In April, a group of astronomers spotted a short, powerful burst of radio waves coming from outer space, then managed to find where it came from: a powerful object in our own galaxy. It’s the first time scientists have been able to identify these mysterious radio waves originating from inside the Milky Way, making them the closest of a kind we’ve ever seen.
The radio waves – known as fast radio bursts, or FRBs – appear to have sprouted from an incredibly powerful “zombie” star lurking in our galaxy, according to three papers in the journal Nature. Called a neutron star, the object is a super-dense remnant that forms when a massive star, larger than our own Sun, collapses in on itself. But this neutron star is what is called a magnetar. It hosts an incredibly powerful magnetic field that stores mind-boggling amounts of energy capable of warping the shape of atoms.
The search for the source of this FRB is a big moment for astronomers, who are eager to understand how these mystifying radio flashes come about. FRBs are thought to appear once per second in the night sky, blazing for a few milliseconds at a time. But we’ve only seen a tiny fraction of these phenomena in play, and all the gusts we have have vus apparently originate from outside our galaxy, with some located billions of light-years away. It is therefore difficult to determine exactly where they come from. “These are these very mysterious signals, and we don’t have a very good idea what’s producing them or what the physics is behind,” said Kiyoshi Masui, an assistant professor of physics at MIT who worked on the discovery. . The edge.
Now, with this discovery, astronomers have a much closer source to work with. The magnetar is located only 30,000 light years away – in our own backyard, cosmically speaking. And that indicates a strong connection between magnetars and these dynamic space radio waves. “It’s the missing link,” says Masui. “Now we’ve seen a fast radio burst from a magnetar, so this proves that at least some of the fast radio bursts we see in the universe come from magnetars.”
Scientists have been trying to track down the origins of FRBs since the first one was detected in 2007. But because FRBs are so fleeting, spotting them has often required looking in the right place at the right time with the right equipment.

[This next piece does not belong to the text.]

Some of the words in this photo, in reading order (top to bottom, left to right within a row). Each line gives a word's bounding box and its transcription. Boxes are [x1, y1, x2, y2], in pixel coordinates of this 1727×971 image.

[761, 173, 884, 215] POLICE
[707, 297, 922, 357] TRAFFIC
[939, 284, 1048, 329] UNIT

Astronomers were lucky when they found a few FRBs that seem to repeat themselves, flashing over and over in the same part of the sky. These recurring bursts have helped scientists locate the galaxies from which these radio waves originate. Yet it is unclear exactly which objects within these galaxies produce the FRBs.

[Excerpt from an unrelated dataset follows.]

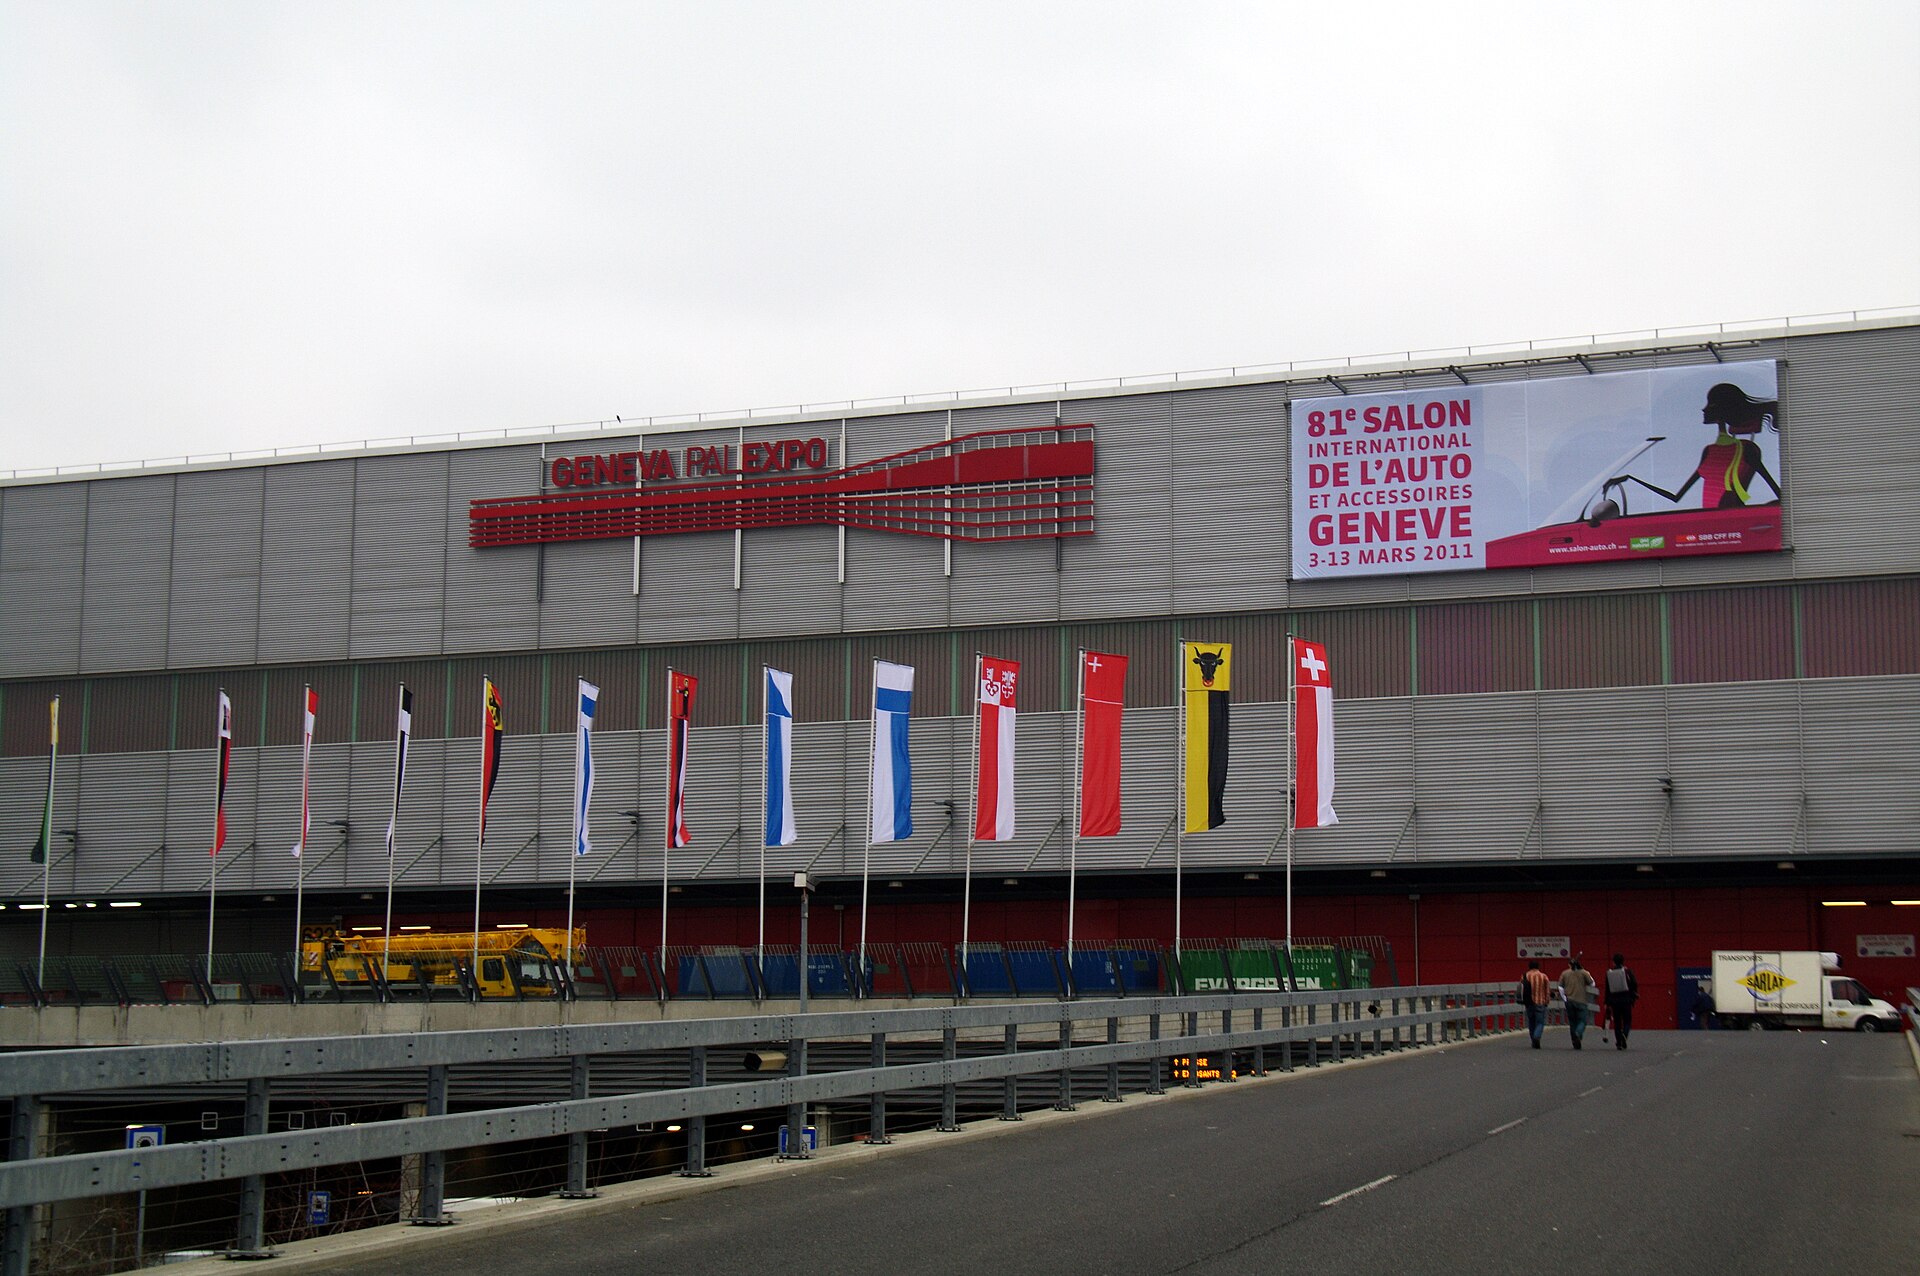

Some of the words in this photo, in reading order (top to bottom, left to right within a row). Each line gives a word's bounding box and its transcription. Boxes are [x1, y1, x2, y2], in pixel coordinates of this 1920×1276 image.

This is why this discovery is so crucial. Two different observatories in North America — CHIME in Canada and STARE2 in the United States — spotted this FRB coming from the same part of the sky, bolstering the credibility of the signal. The FRB was also incredibly bright. In fact, a cellphone 4G LTE receiver would have been able to pick up the signal coming from the other side of the galaxy, according to Christopher Bochenek, a graduate student in astronomy at Caltech who led the STARE2 discovery team.
“When I first looked at the data, I froze and was basically paralyzed with excitement,” Bochenek said on a press call.
The timing and location of the flash matched another cosmic event occurring nearby. Just days before the FRB was detected, astronomers noticed that a known magnetar had become quite hyperactive in the sky, sending out X-rays and gamma rays. After analyzing the FRB data, CHIME and STARE2 astronomers confirmed that the radio waves had coincided with a particularly large burst of X-rays from the magnetar. The discovery already made waves in the astronomy community earlier this year, with the first scientific reports of the connection published online and covered in the media. The researchers’ results have now been reviewed by other scientists and are officially presented in the journal. Nature this week.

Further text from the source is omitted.